Playas are shallow, clay-bottomed depressions, two or three feet deep and perhaps 30 acres in surface area, that collect rainwater. The problem with getting the water down into the aquifer before it evaporates has always been the clogging from silt, but Sweazy says he thinks he is conquering it with advances in filtration.

Skeptics, and there are plenty, doubt that either technique will prove inexpensive enough for widespread use. Farmers now pay an average of $50 an acre-foot (the quantity of water, 43,560 cubic feet, that would cover one acre to a depth of one foot) for irrigation water. Both systems would cost almost that much to get the water into the aquifer, much less to pump it out. "If artificial recharge slows the depletion rate by just 10 percent, that would be an optimistic estimate," said Lyle of Texas A&M.

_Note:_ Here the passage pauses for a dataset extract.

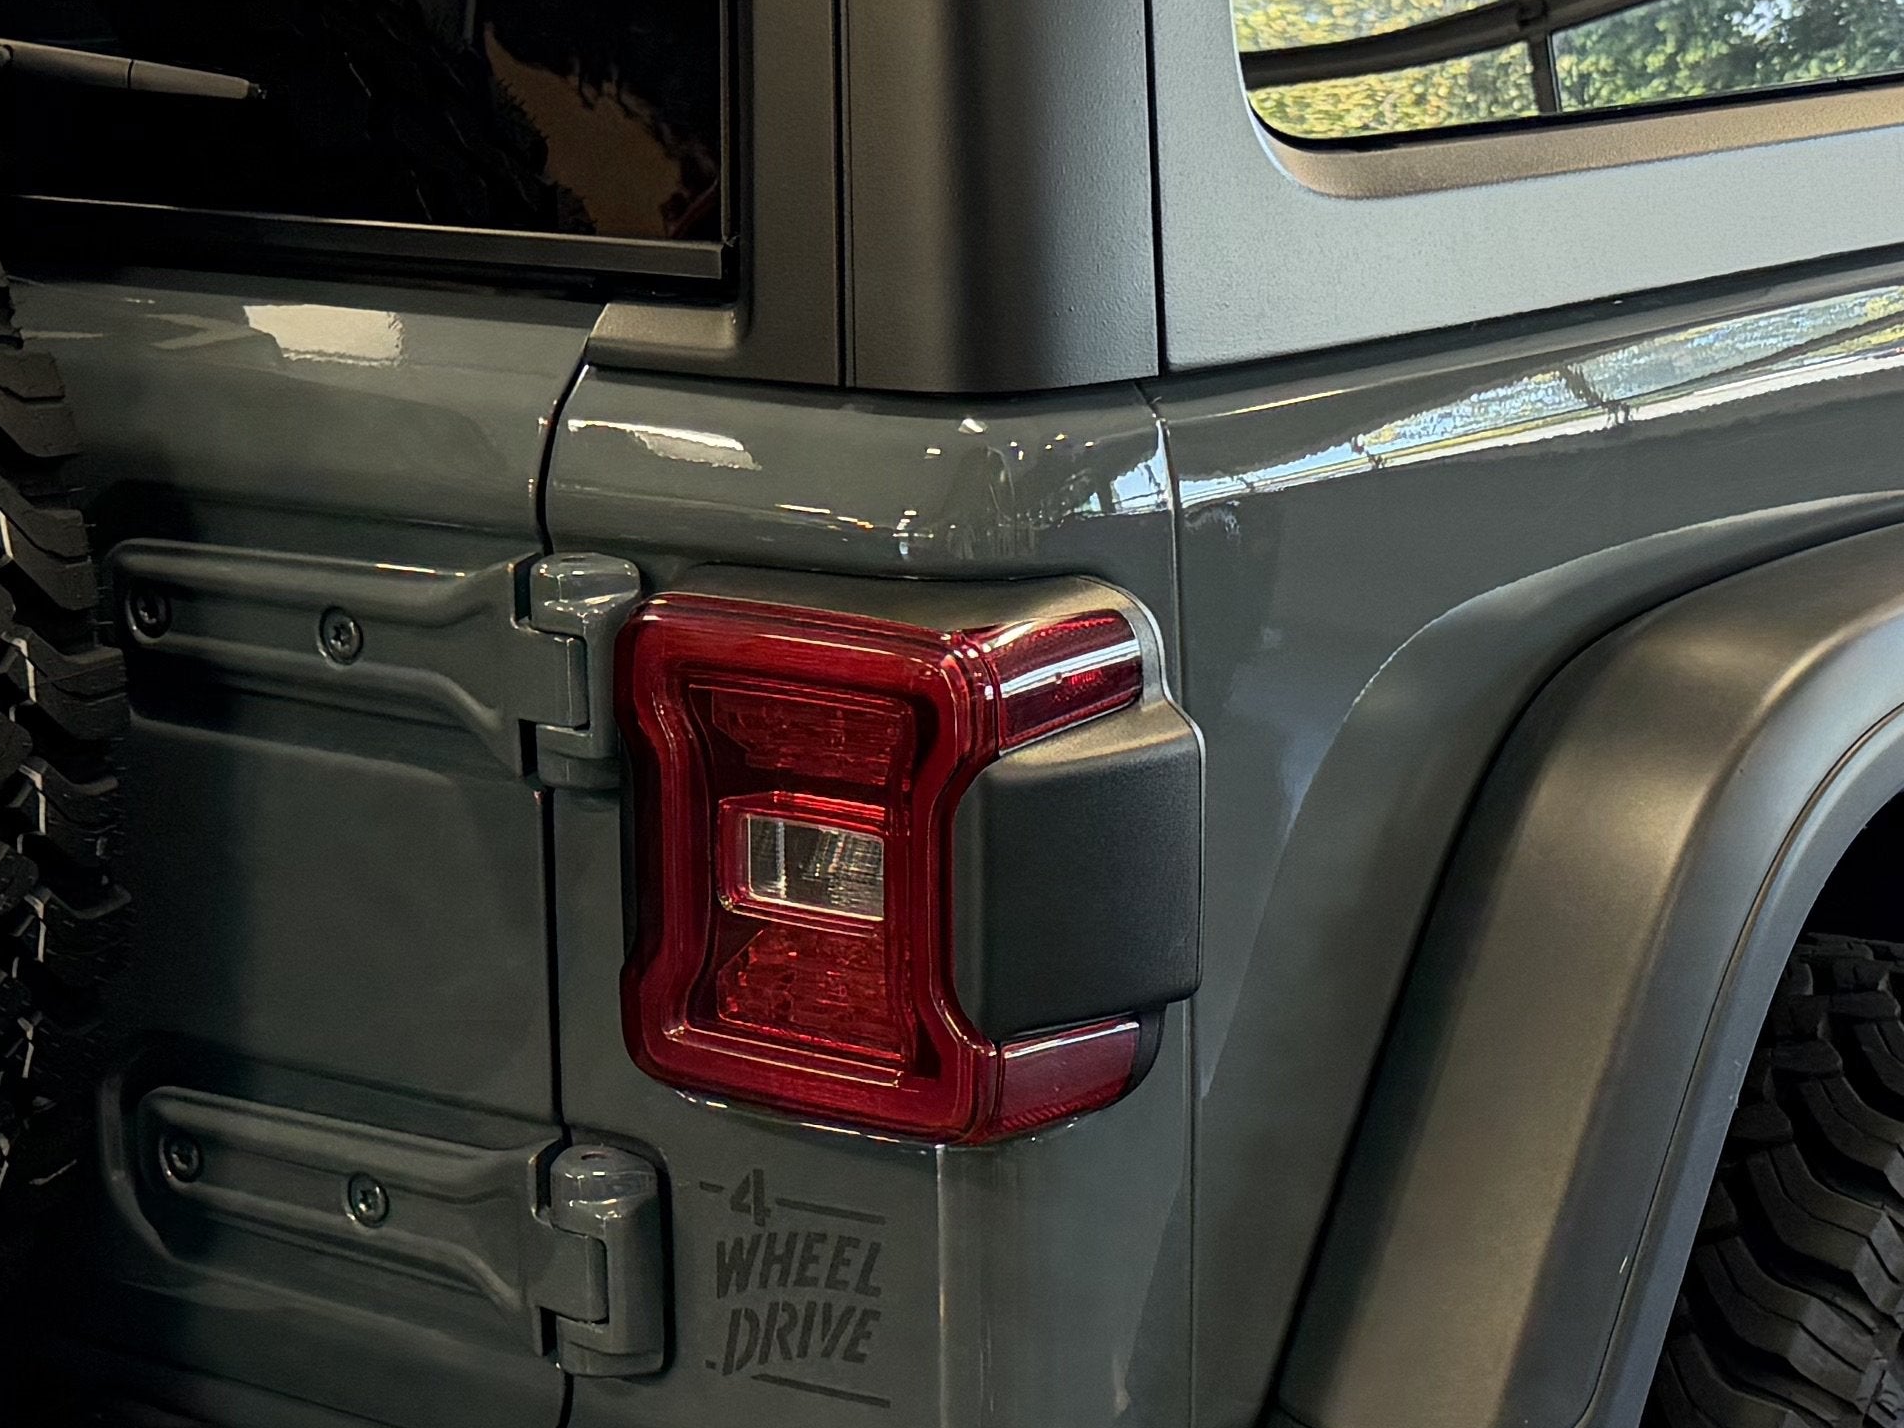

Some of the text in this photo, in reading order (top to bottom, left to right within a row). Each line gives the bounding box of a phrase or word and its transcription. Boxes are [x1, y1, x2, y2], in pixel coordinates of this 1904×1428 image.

[728, 1168, 772, 1228] 4
[715, 1230, 883, 1300] WHEEL
[721, 1299, 883, 1377] DRIVE

Lyle finds the advances in irrigation efficiency more promising. In the old days of cheap energy, cotton farmers might have used 16 or 20 inches of irrigation water; now the norm is roughly half that.

Everything from the size of the drip in irrigation water to the timing of the application has been modified to improve efficiency. Irrigation efficiency, on the average, has increased to 80 percent from 60 percent in the past five years.

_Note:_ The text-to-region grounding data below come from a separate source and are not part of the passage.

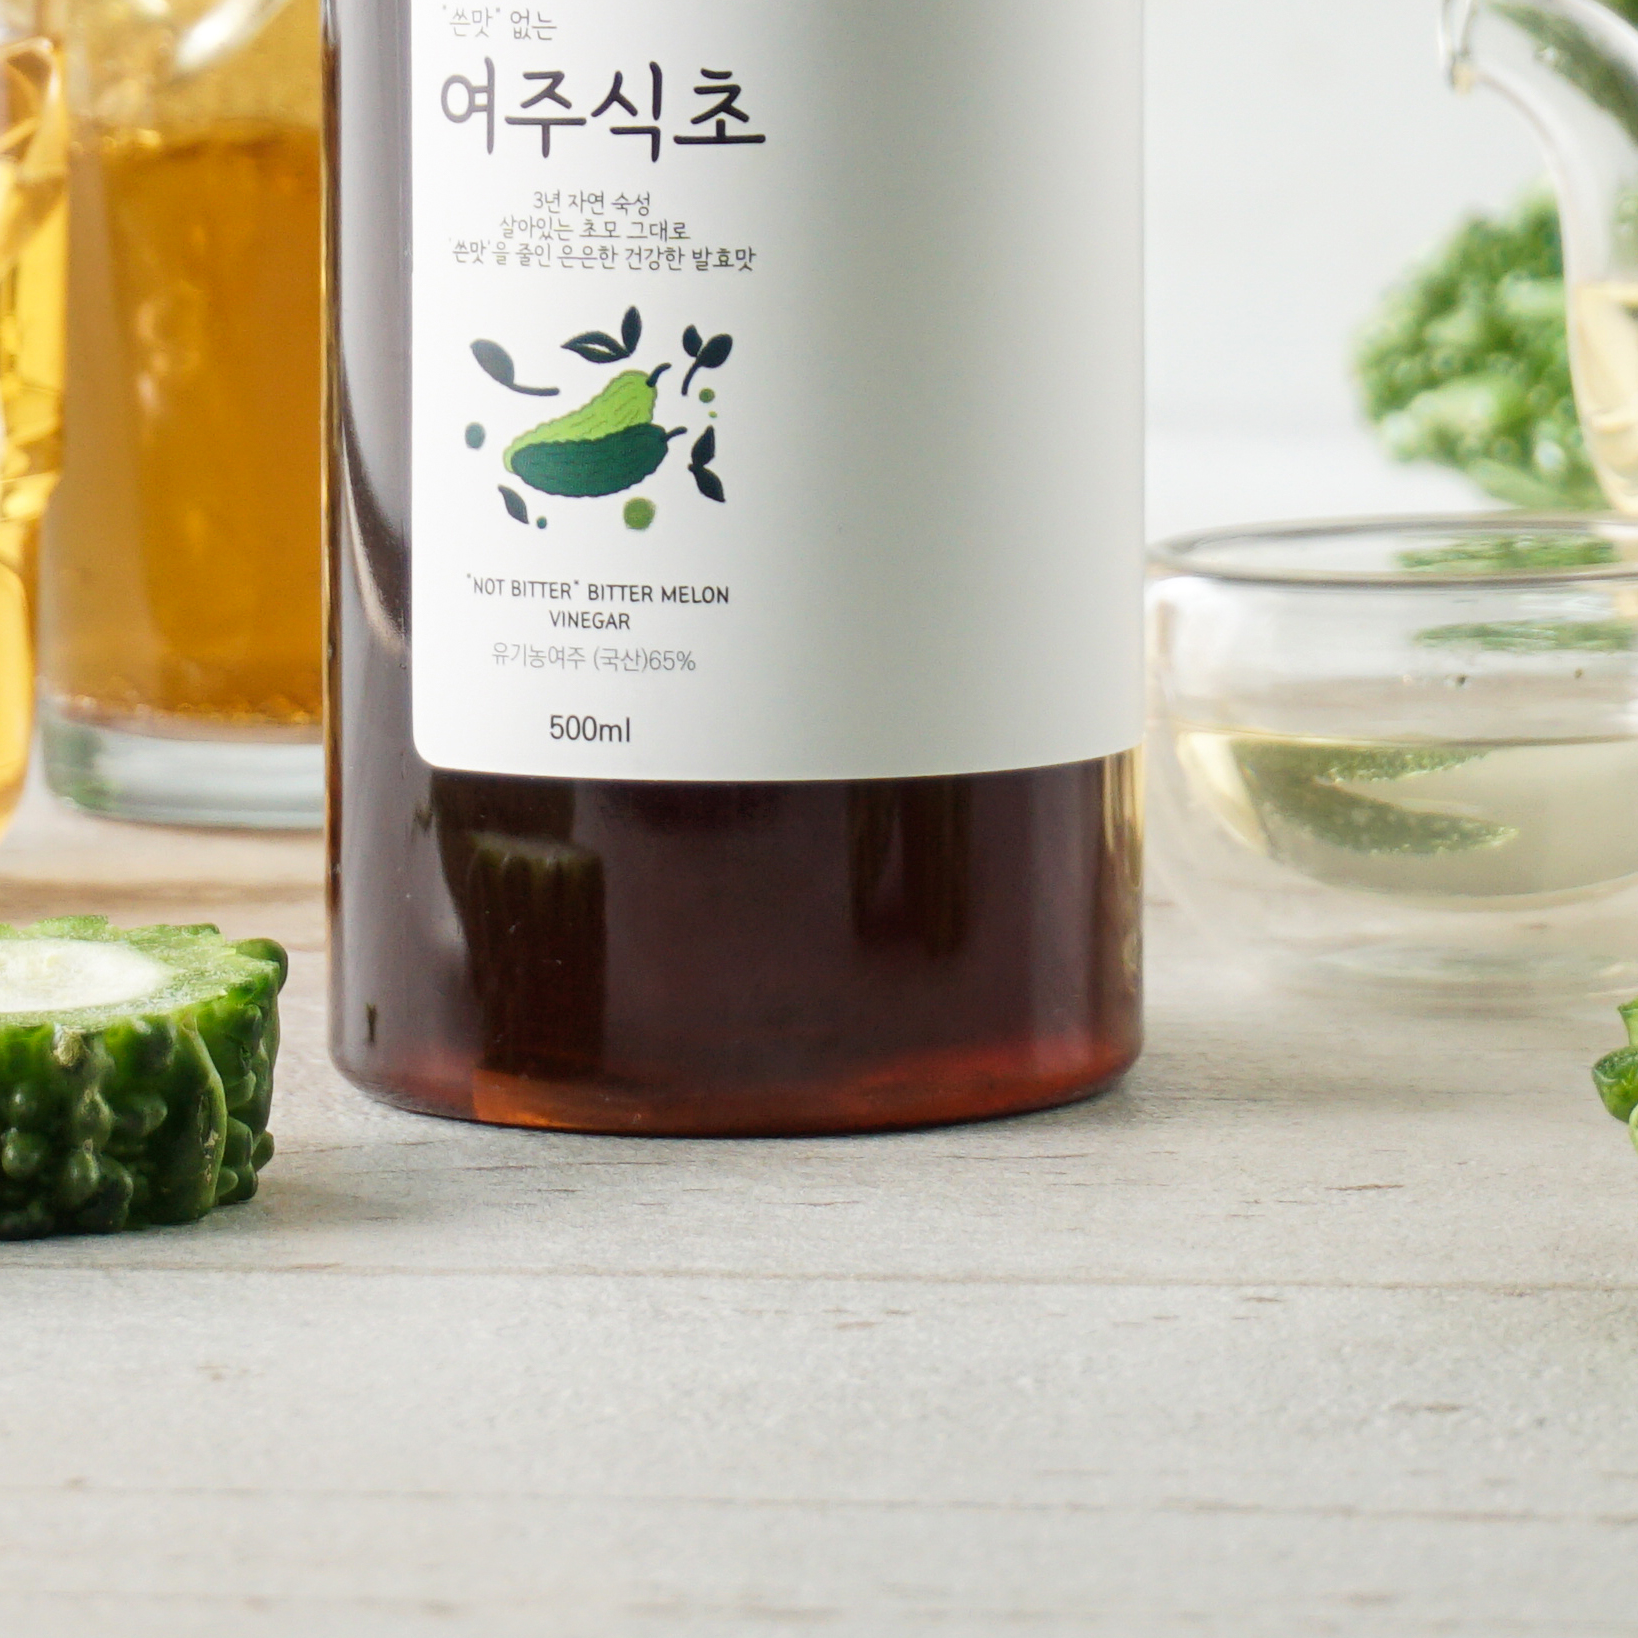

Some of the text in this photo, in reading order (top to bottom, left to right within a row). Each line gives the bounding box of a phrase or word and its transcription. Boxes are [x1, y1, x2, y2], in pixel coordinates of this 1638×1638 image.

[510, 7, 558, 41] 없는
[440, 56, 767, 163] 여주식초
[533, 189, 651, 216] 3년 자연 숙성
[500, 215, 574, 241] 살아있는
[626, 219, 691, 242] 그대로
[515, 243, 551, 267] 줄인
[556, 245, 619, 270] 은은한
[625, 245, 686, 271] 건강한
[691, 246, 757, 272] 발효맛
[587, 584, 654, 603] BITTER
[661, 585, 729, 605] MELON
[548, 610, 631, 630] VINEGAR
[491, 642, 586, 670] 유기농여주
[549, 715, 631, 742] 500ml

There has also been a slow, steady reversion here to dryland farming, the method used by the fathers and grandfathers of today's farmers. Irrigation peaked here in 1982, said Sweazy, and it has begun what is projected to be a slow decline. Typical dryland yields for cotton are half what they are for irrigation farming -- but the cost per acre also is halved.

The problem is that dryland farming is risky; a drought year can wipe out an entire crop and put a farmer under. Farmers have cut the risk by furrow-diking their fields -- creating dirt mounds every few feet between the cotton rows to capture whatever rain that falls.

All of these approaches have brought some unaccustomed optimism to the Panhandle. "People keep coming out here wanting to write that we are in a crisis over water," Wyatt said. "Well, the truth of the matter is, we aren't."

Sweazy added, "Conservation, recharge, secondary recovery, irrigation efficiency -- a little here, a little there, it all adds up."